Amar suspira, pero aparca el camión a un lado de la calle.

—Quedaos aquí, chicos, ¡y no miréis! —nos advierte Christina al salir.

Veo que su silueta se acerca a la parte trasera del camión y espero. Cuando pincha las ruedas, solo noto que el camión rebota un poco, pero es un movimiento tan insignificante que solo lo he notado porque me lo esperaba. Cuando regresa Christina, sacudiéndose los copos de nieve de la chaqueta, esboza una sonrisita.

A veces solo hace falta una persona bien dispuesta para salvar a alguien de un destino horrible. Aunque lo que esté dispuesta a hacer sea fingir que tiene que hacer pis.

Amar conduce durante unos cuantos minutos más antes de que pase nada. Entonces, el camión se estremece y empieza a dar botes, como si hubiera baches.

—Mierda —dice, frunciendo el ceño mientras mira el indicador de velocidad—. No me lo puedo creer.

—¿Un pinchazo? —pregunto.

—Sí —responde con un suspiro, y frena hasta detenerse a un lado de la calle.

—Voy a ver —me ofrezco.

Bajo de un salto del asiento del copiloto y rodeo el camión. Las ruedas traseras están completamente desinfladas, rajadas con el cuchillo que llevaba Christina. Me asomo por las ventanas de atrás para asegurarme de que solo queda una rueda de repuesto y regreso a mi puerta abierta para informar de las noticias.

—Las dos ruedas traseras están pinchadas, y solo tenemos una de repuesto. Vamos a tener que abandonar el camión y buscar uno nuevo.

—¡Mierda! —exclama Amar, dando un tortazo en el volante—. No tenemos tiempo para esto. Hay que asegurarse de que Zeke, su madre y la familia de Christina estén vacunados antes de que liberen el suero de la memoria, o no servirá de nada.

—Tranquilízate —le digo—. Sé dónde encontrar otro vehículo. ¿Por qué no seguís a pie mientras yo voy en busca de transporte?

A Amar se le ilumina el rostro.

—Buena idea.

Antes de abandonar el camión, me aseguro de tener balas suficientes, aunque no sé si las necesitaré. Todos salen del interior. Amar tiembla de frío y se pone a dar saltitos de puntillas.

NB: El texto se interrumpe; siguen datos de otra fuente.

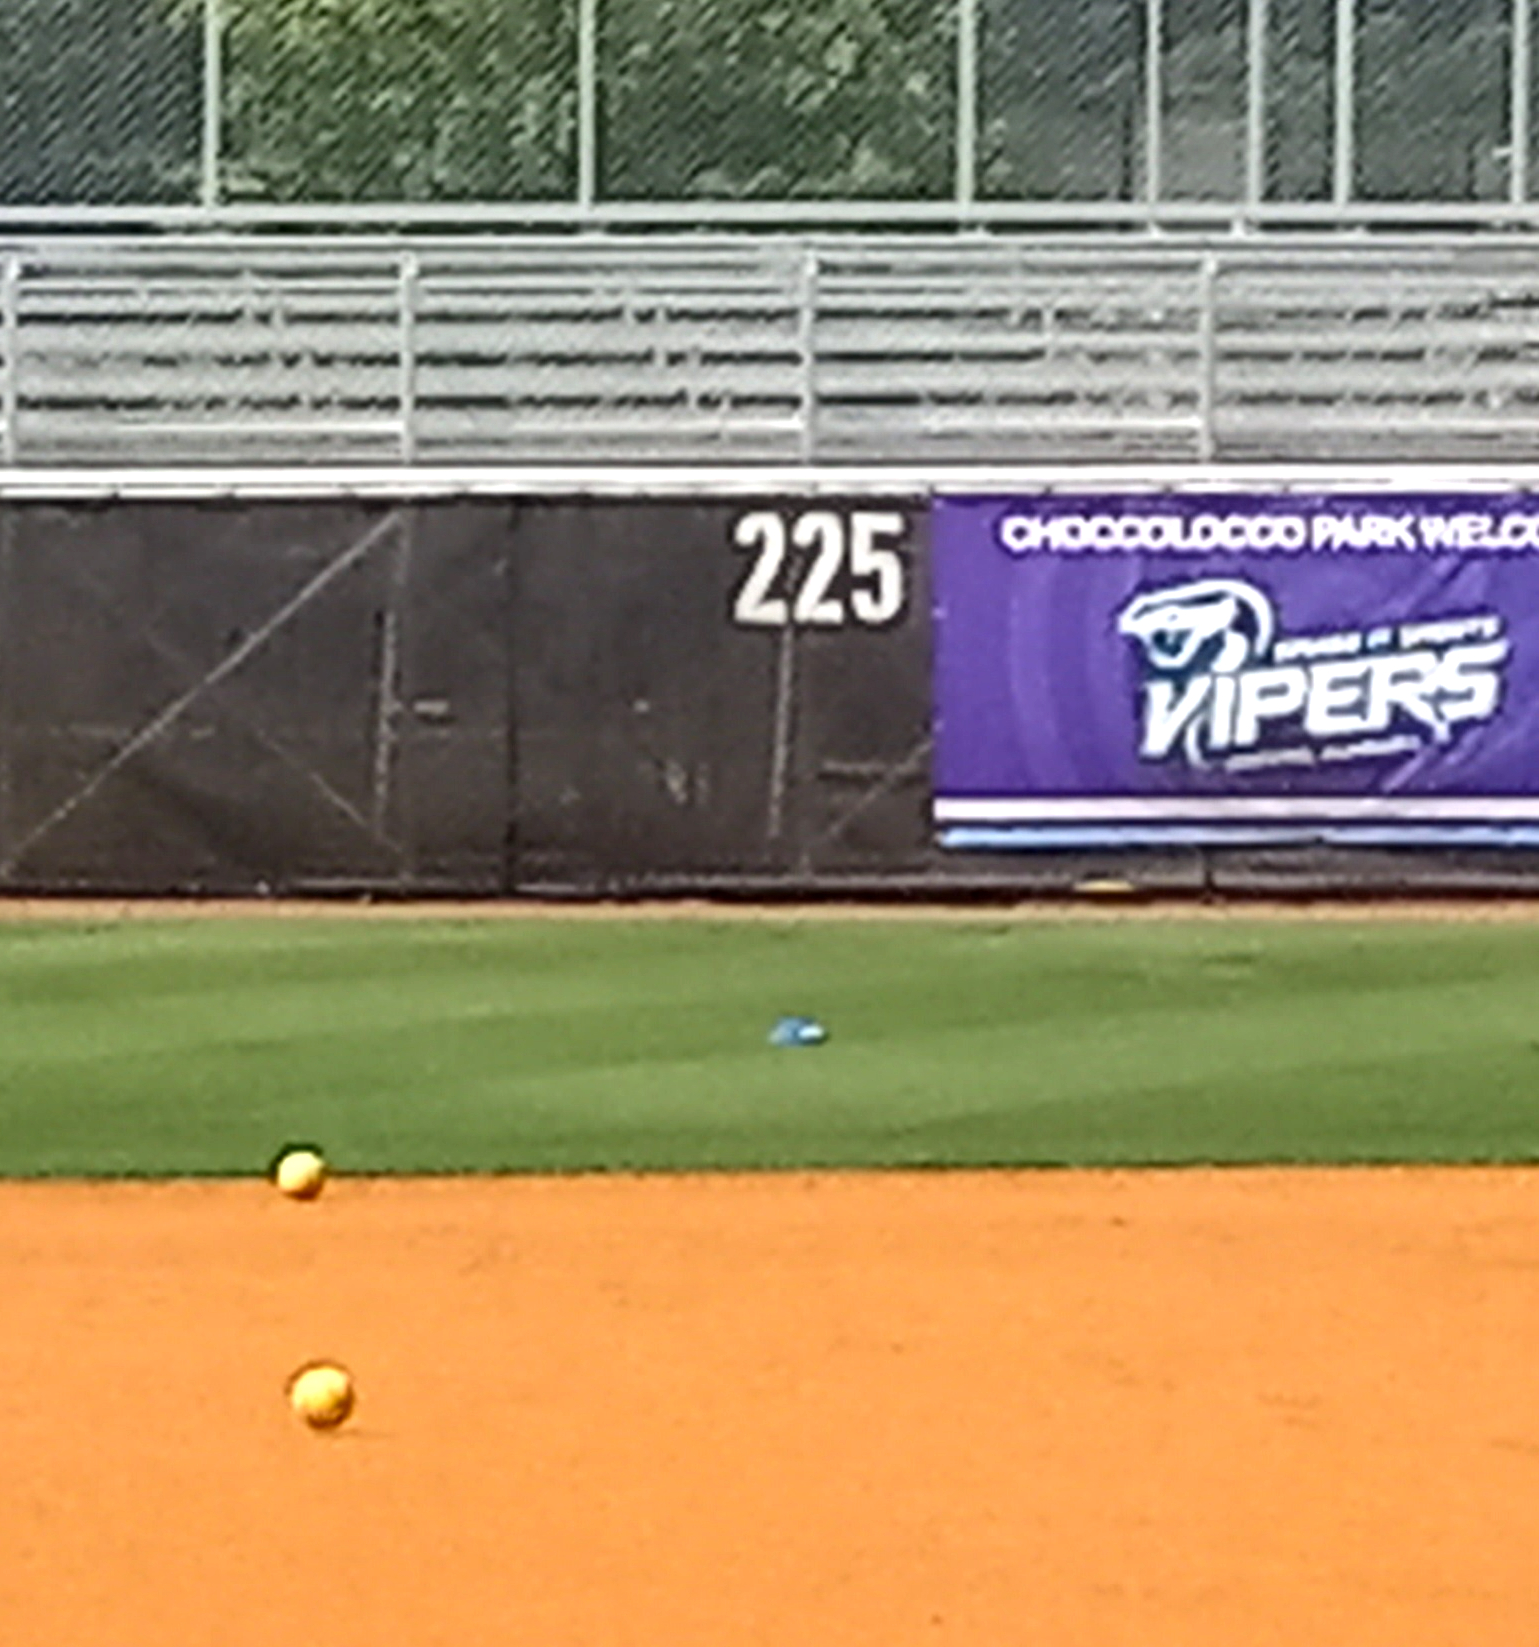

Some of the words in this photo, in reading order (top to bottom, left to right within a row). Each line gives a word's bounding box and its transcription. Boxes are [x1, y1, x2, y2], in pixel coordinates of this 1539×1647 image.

Consulto mi reloj de pulsera.

—¿A qué hora tienen que estar vacunados?

—Según el programa de George, tenemos una hora antes de que reinicien la ciudad —responde Amar, que también consulta su reloj para asegurarse—. Si prefieres que ahorremos sufrimiento a Zeke y a su madre, y dejemos que los reinicien, no te culparé. Si quieres, lo hago.

—No podría hacerlo —respondo, negando con la cabeza—. No sufrirían, pero no sería real.

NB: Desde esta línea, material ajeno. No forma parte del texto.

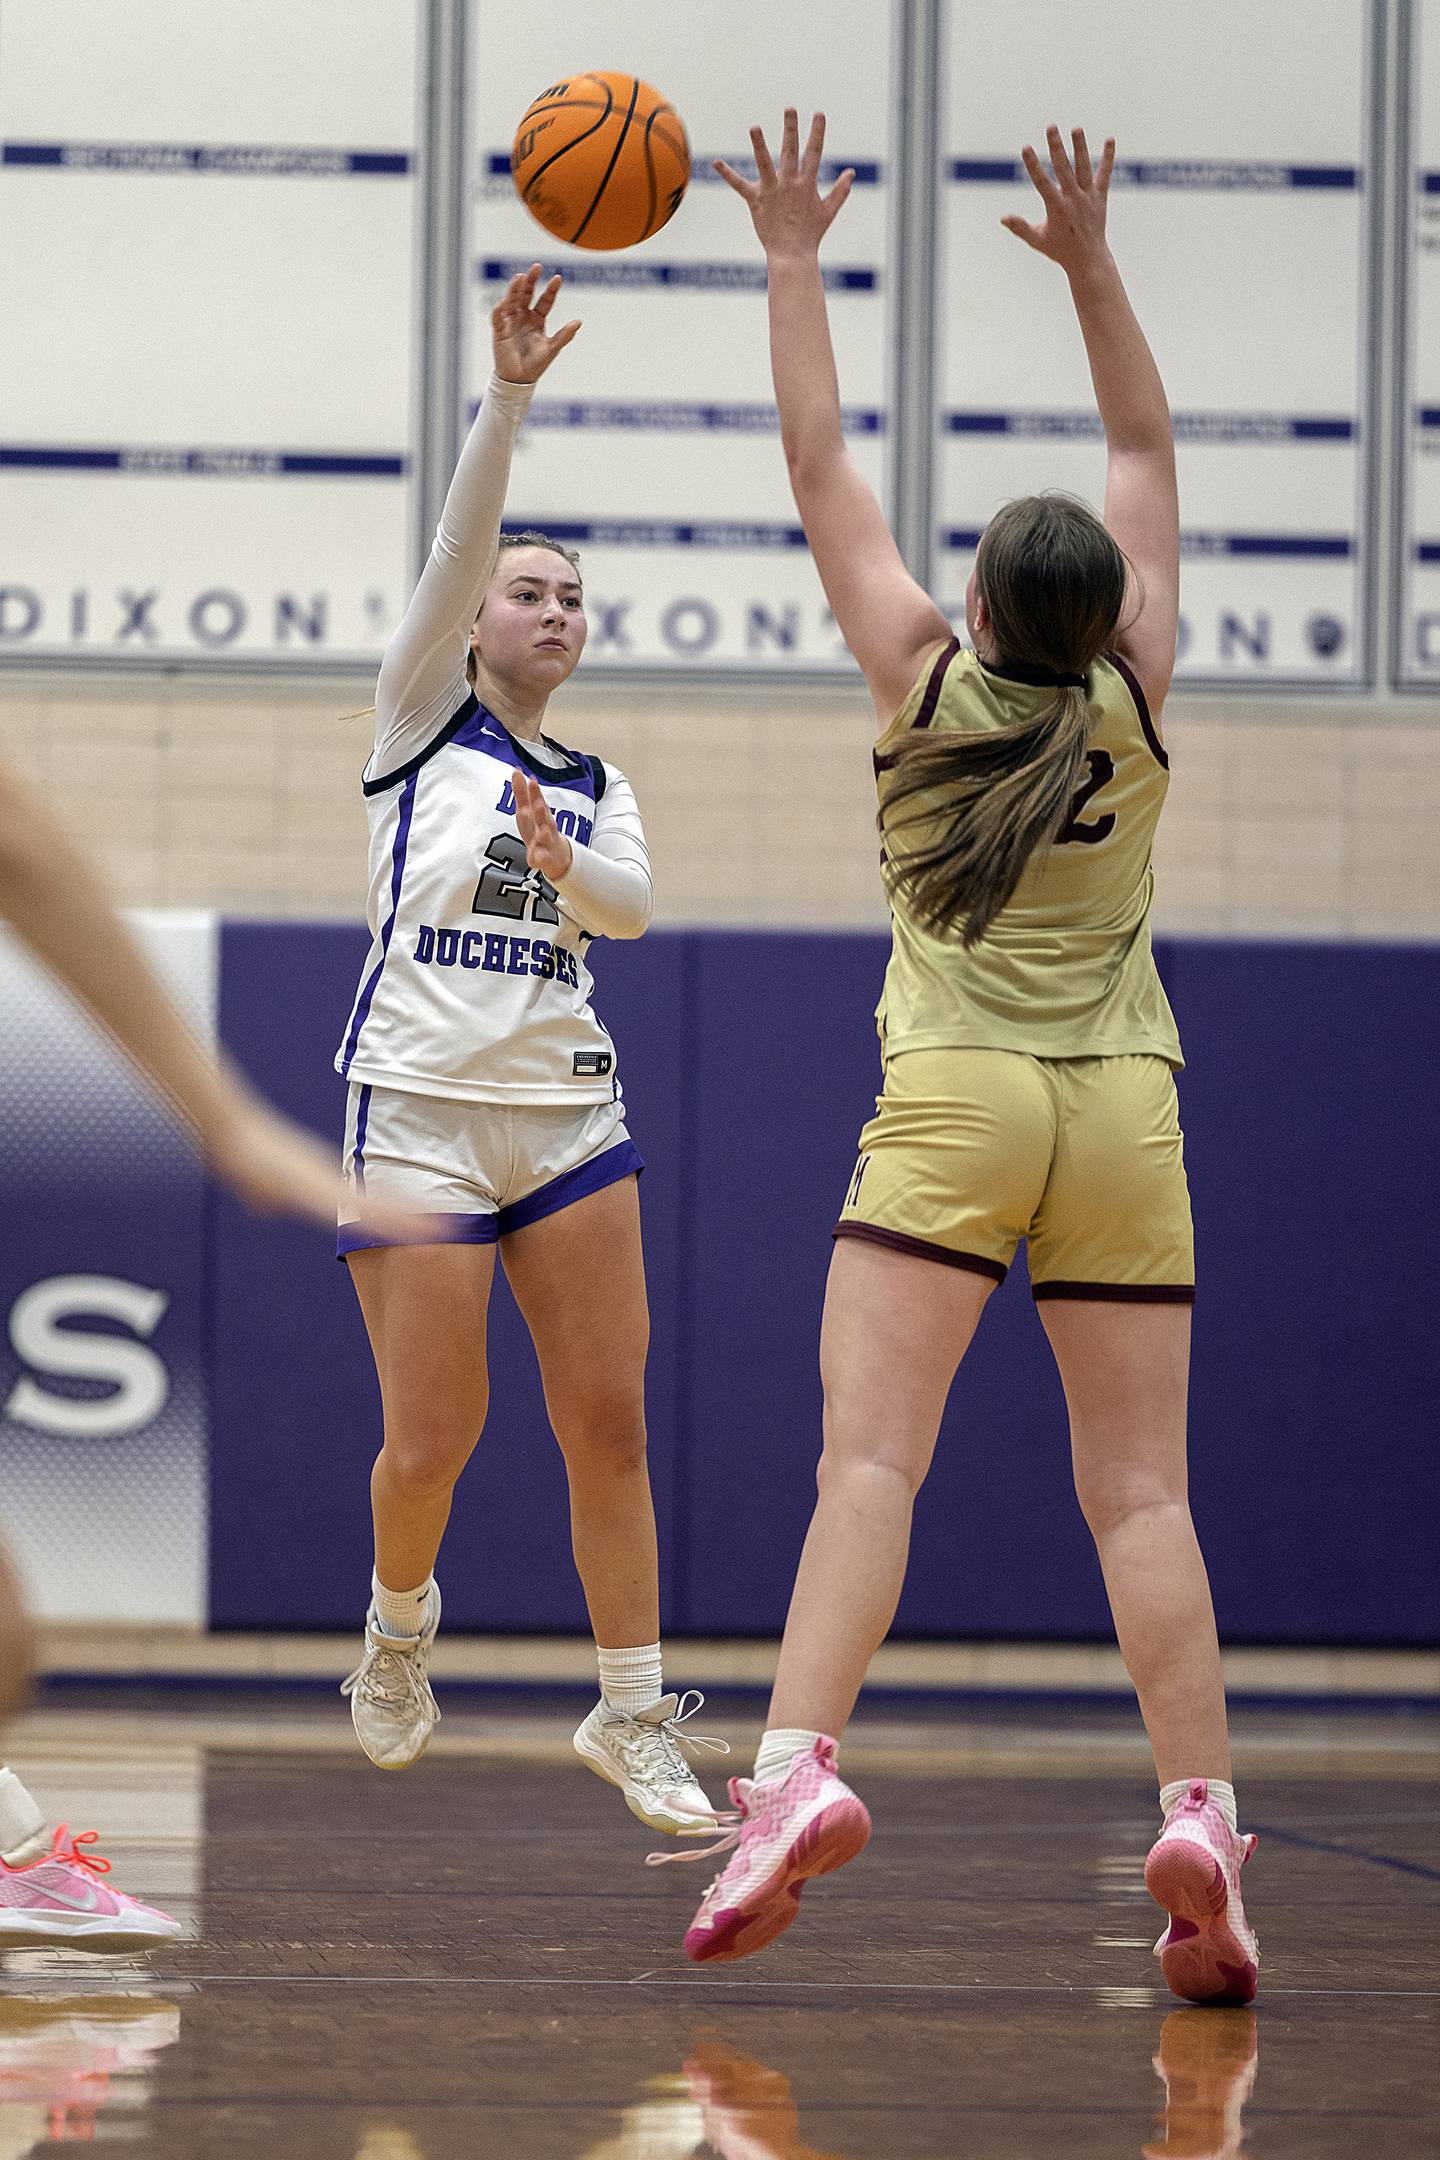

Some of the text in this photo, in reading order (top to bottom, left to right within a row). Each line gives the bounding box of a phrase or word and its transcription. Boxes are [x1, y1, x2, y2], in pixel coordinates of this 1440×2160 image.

—Como siempre he dicho, los estirados siempre serán estirados.

—¿Puedes… esperar para contarles lo que ha pasado? Solo hasta que llegue. Los inoculas y ya está. Quiero contárselo yo.

Amar pierde un poco la sonrisa.

—Claro, por supuesto.

Tengo los zapatos empapados del rato que he pasado comprobando los neumáticos, y me duelen los pies cuando vuelvo a pisar el suelo. Estoy a punto de alejarme del camión cuando Peter dice:

—Voy contigo.

—¿Qué? ¿Por qué?

—Puede que necesites ayuda para encontrar un camión. Es una ciudad grande.

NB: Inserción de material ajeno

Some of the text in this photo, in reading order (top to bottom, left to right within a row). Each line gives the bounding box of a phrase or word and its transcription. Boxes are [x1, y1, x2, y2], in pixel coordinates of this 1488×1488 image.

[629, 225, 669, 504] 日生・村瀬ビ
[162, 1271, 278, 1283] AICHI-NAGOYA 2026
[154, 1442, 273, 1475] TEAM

Miro a Amar, que se encoge de hombros.

—El tío tiene razón —comenta.

Peter se me acerca un poco y habla en voz baja para que solo lo oiga yo.

—Y si no quieres que le cuente lo que planeas hacer, mejor no te opongas.

Lanza una mirada al bolsillo de mi chaqueta, donde está el suero de la memoria.

Suspiro.

—De acuerdo, pero haz lo que te diga.

Me quedo mirando a Amar y Christina, que se alejan de nosotros camino del edificio Hancock. Cuando están demasiado lejos para vernos, doy unos pasos atrás y meto la mano en el bolsillo para proteger la ampolla.

—No voy a buscar un camión —digo—. Será mejor que lo sepas ahora. ¿Me vas a ayudar con lo que hago o tendré que dispararte?

—Depende de lo que hagas.

Cuesta dar una respuesta cuando ni siquiera yo estoy seguro. Frente a mí se encuentra el edificio Hancock. A la derecha están los abandonados, Evelyn y su colección de suero de la muerte. A mi izquierda, los leales, Marcus y el plan de sublevación.

¿Dónde será mayor la influencia? ¿Dónde puedo lograr el efecto más importante? Es lo que debería preguntarme. En vez de eso, me pregunto a quién estoy más desesperado por destruir.

—Voy a detener una revolución —digo.

Me vuelvo hacia la derecha y Peter me sigue.